### INFORMATION PROVIDED:

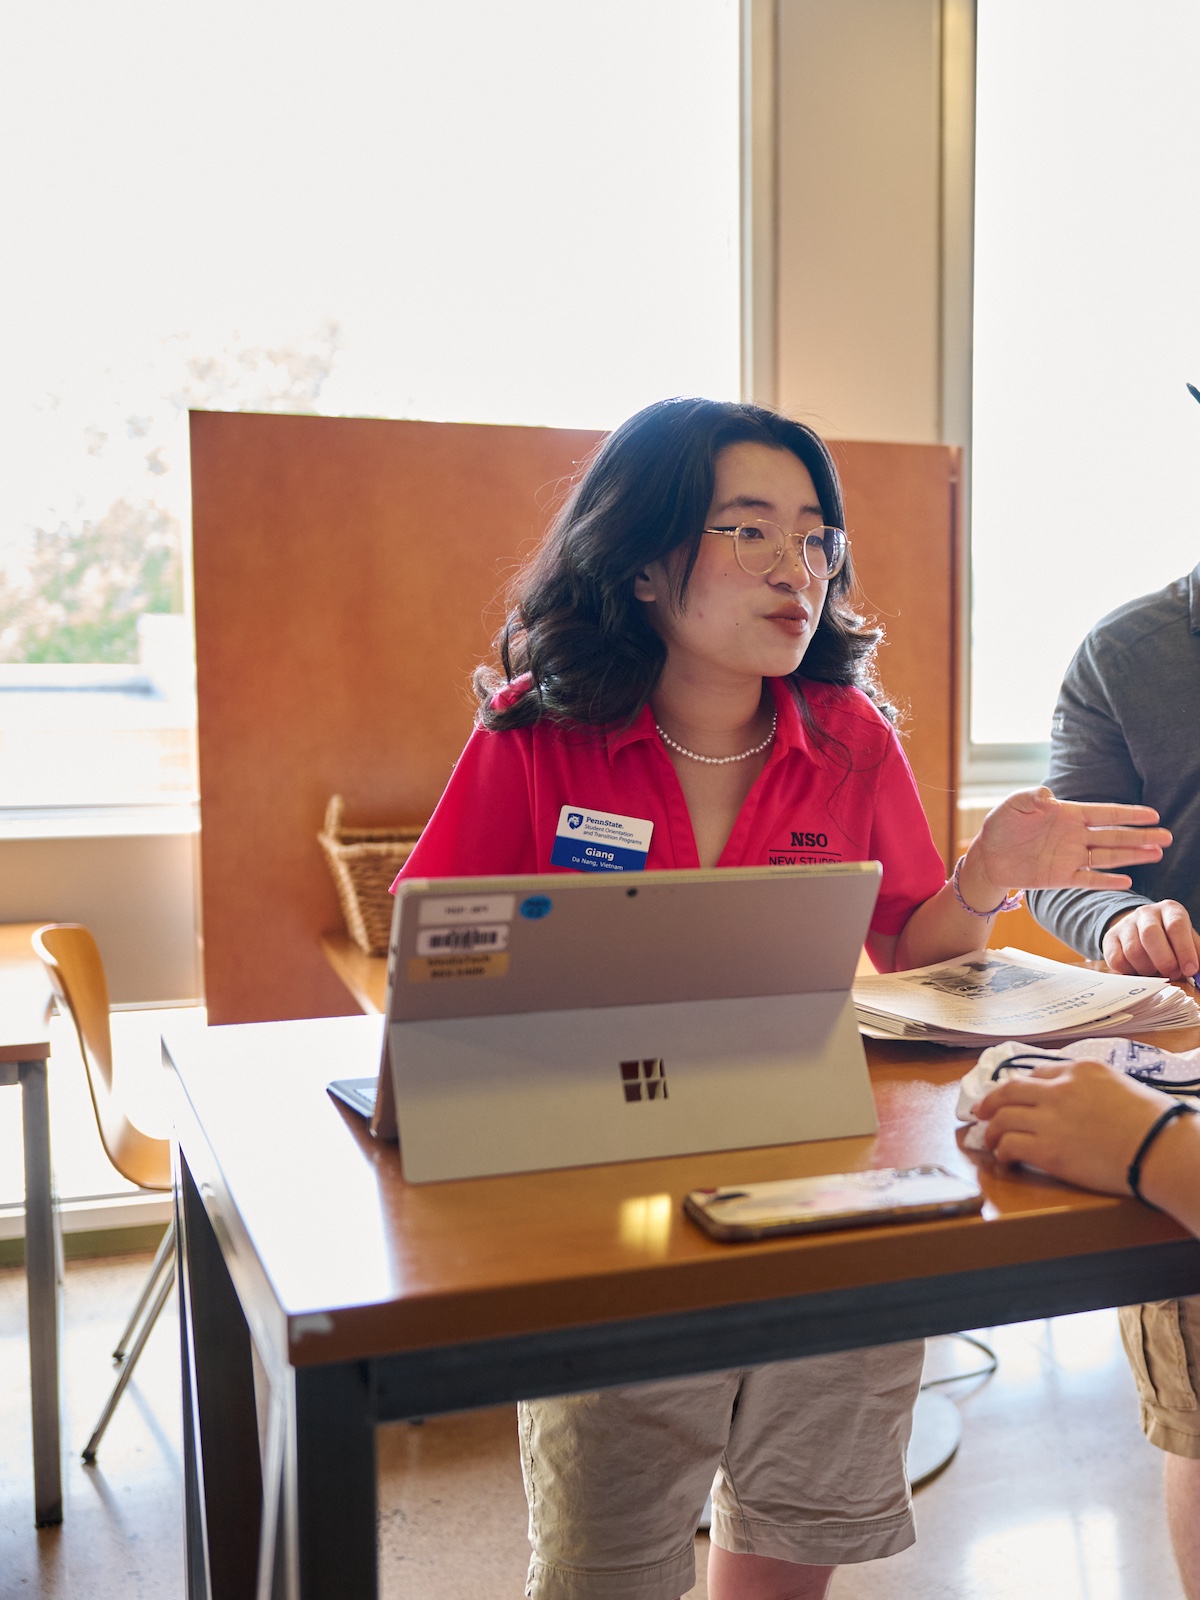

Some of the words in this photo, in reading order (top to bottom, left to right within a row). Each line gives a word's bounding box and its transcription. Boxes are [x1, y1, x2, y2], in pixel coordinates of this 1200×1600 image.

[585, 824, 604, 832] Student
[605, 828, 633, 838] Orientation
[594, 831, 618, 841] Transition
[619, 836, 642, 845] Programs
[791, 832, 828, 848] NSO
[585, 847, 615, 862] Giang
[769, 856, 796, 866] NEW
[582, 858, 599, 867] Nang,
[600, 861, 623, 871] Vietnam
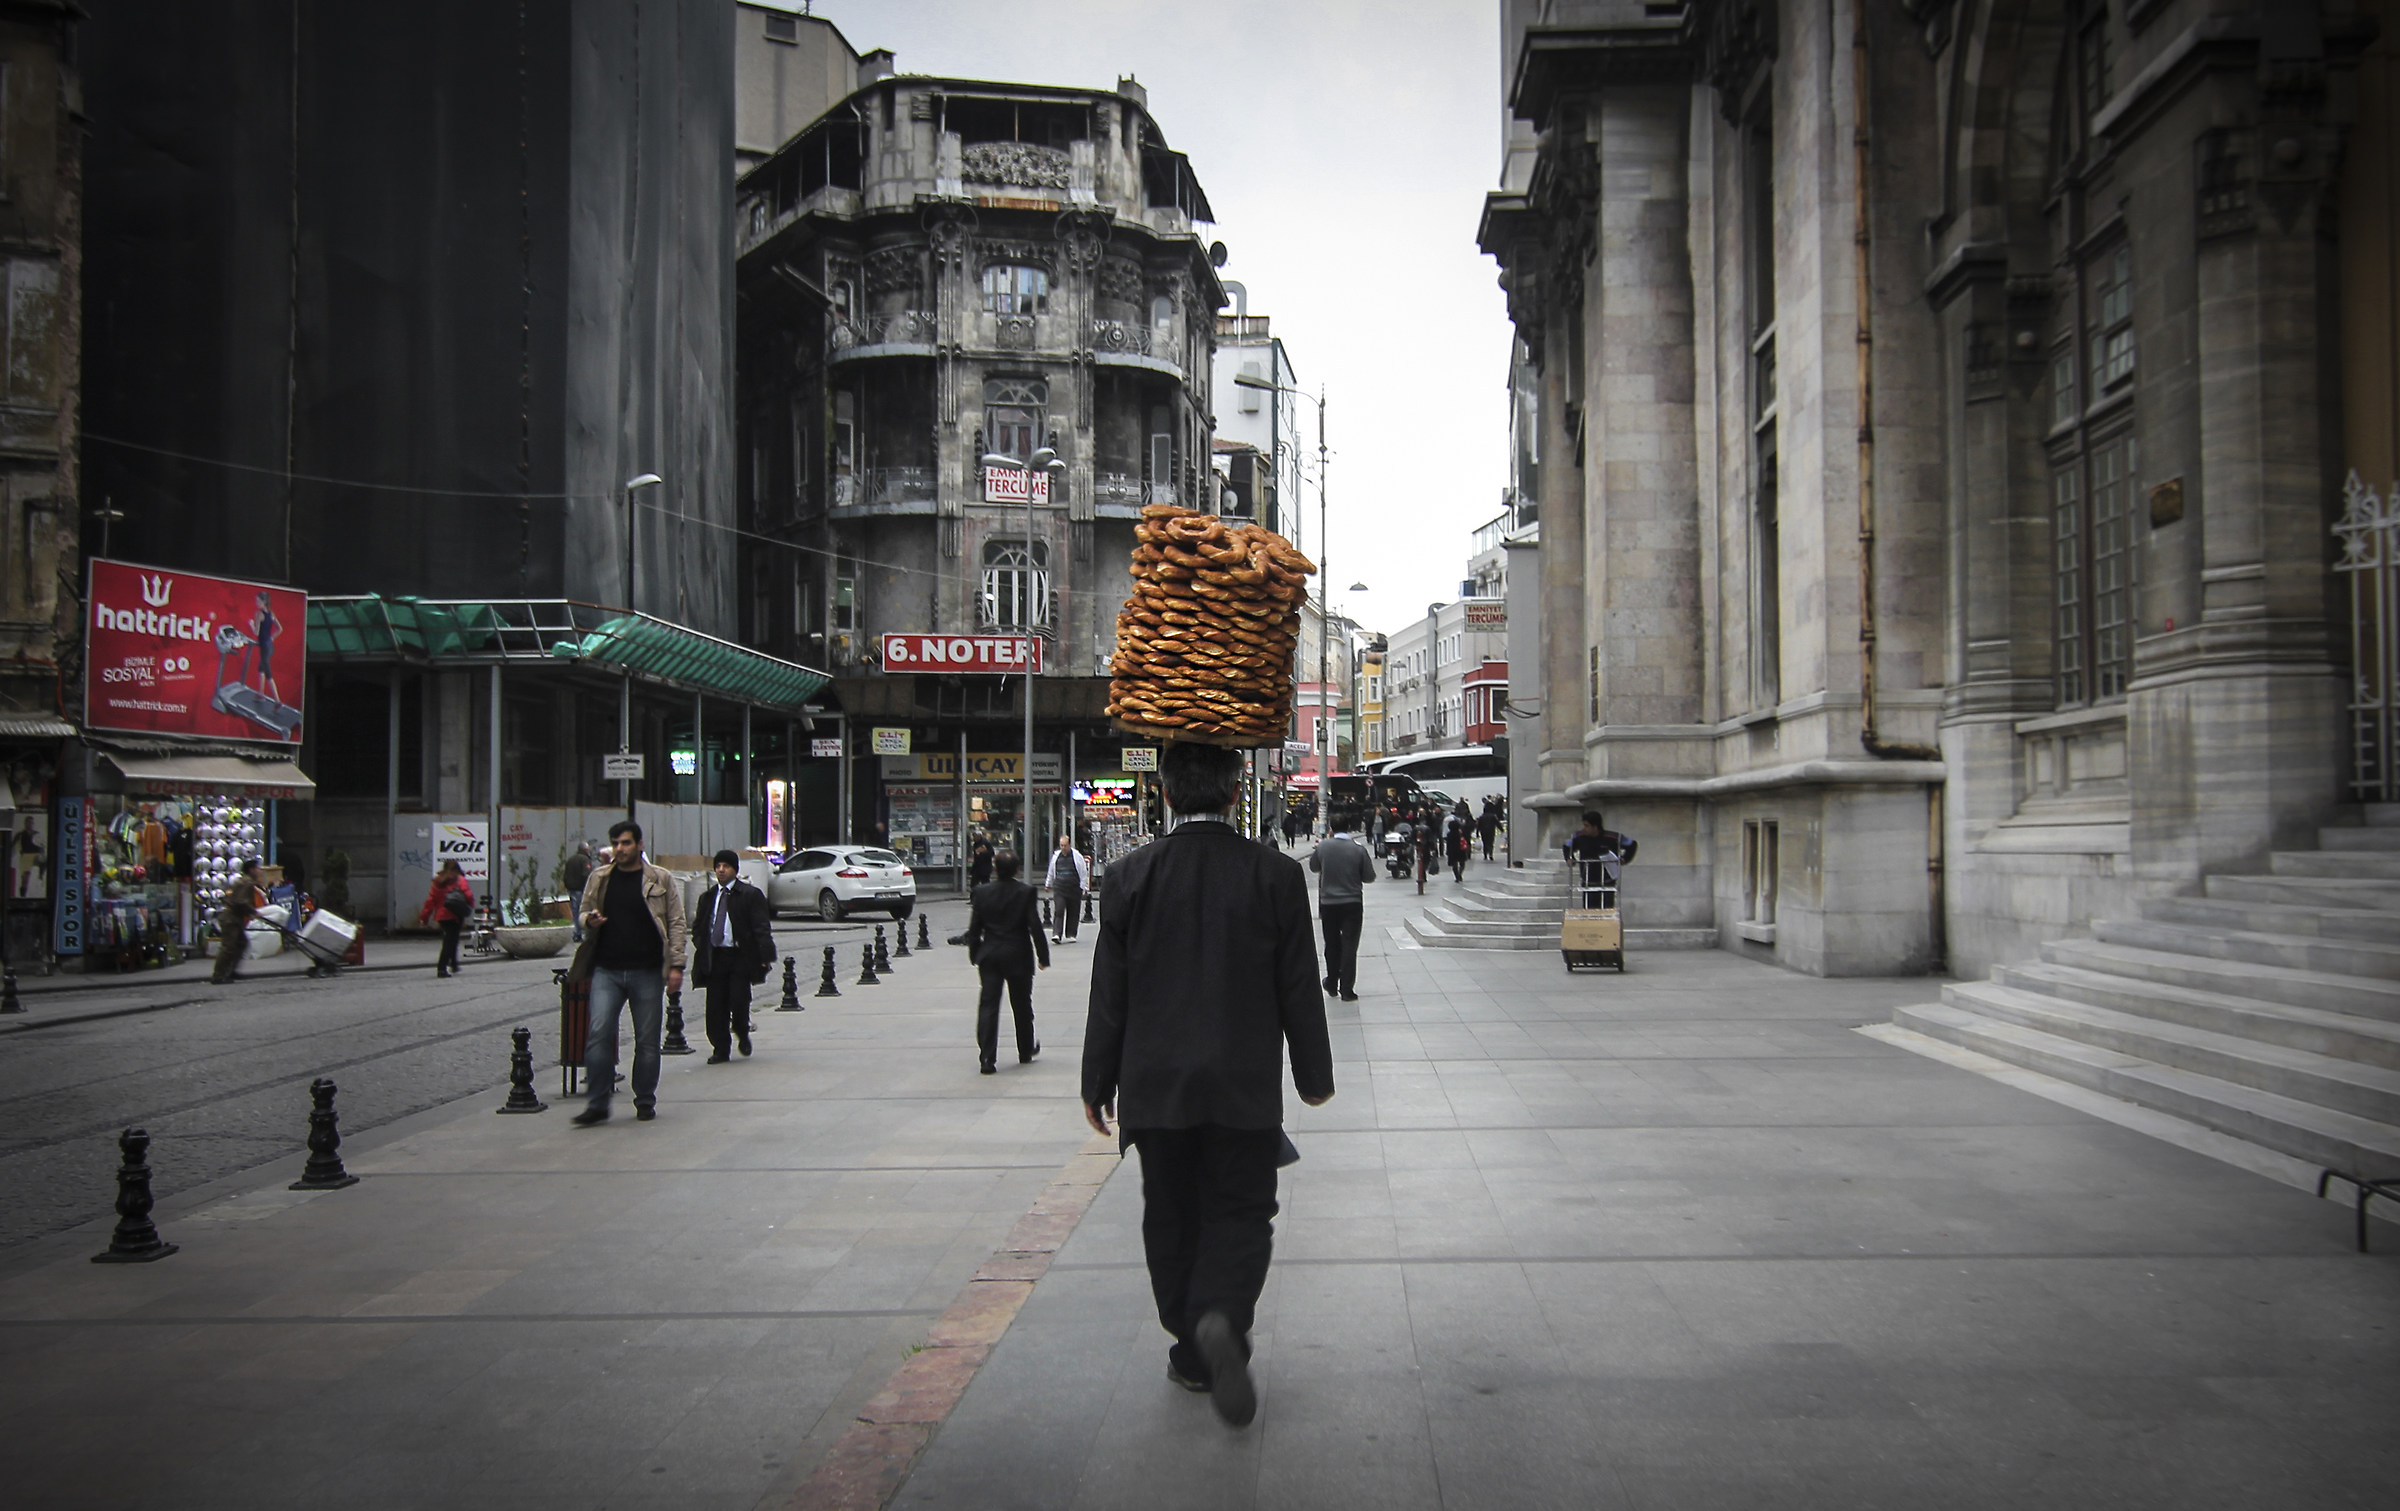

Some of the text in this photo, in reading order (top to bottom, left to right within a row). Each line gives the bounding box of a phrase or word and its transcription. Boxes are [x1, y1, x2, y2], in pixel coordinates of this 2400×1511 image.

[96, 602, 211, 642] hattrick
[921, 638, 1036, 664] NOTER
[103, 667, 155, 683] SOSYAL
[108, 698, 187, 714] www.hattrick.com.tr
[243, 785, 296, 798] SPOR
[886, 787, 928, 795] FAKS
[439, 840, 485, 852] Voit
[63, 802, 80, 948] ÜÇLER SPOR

### TASK DESCRIPTION:
Except for the pictures, copy the material above exactly.

### OUTPUT OF THE EXERCISE:
Some of the words in this photo, in reading order (top to bottom, left to right within a row). Each line gives a word's bounding box and its transcription. Boxes are [x1, y1, x2, y2], in pixel coordinates of this 1200×1600 image.

[585, 824, 604, 832] Student
[605, 828, 633, 838] Orientation
[594, 831, 618, 841] Transition
[619, 836, 642, 845] Programs
[791, 832, 828, 848] NSO
[585, 847, 615, 862] Giang
[769, 856, 796, 866] NEW
[582, 858, 599, 867] Nang,
[600, 861, 623, 871] Vietnam

Some of the text in this photo, in reading order (top to bottom, left to right within a row). Each line gives the bounding box of a phrase or word and its transcription. Boxes are [x1, y1, x2, y2], in pixel coordinates of this 2400×1511 image.

[96, 602, 211, 642] hattrick
[921, 638, 1036, 664] NOTER
[103, 667, 155, 683] SOSYAL
[108, 698, 187, 714] www.hattrick.com.tr
[243, 785, 296, 798] SPOR
[886, 787, 928, 795] FAKS
[439, 840, 485, 852] Voit
[63, 802, 80, 948] ÜÇLER SPOR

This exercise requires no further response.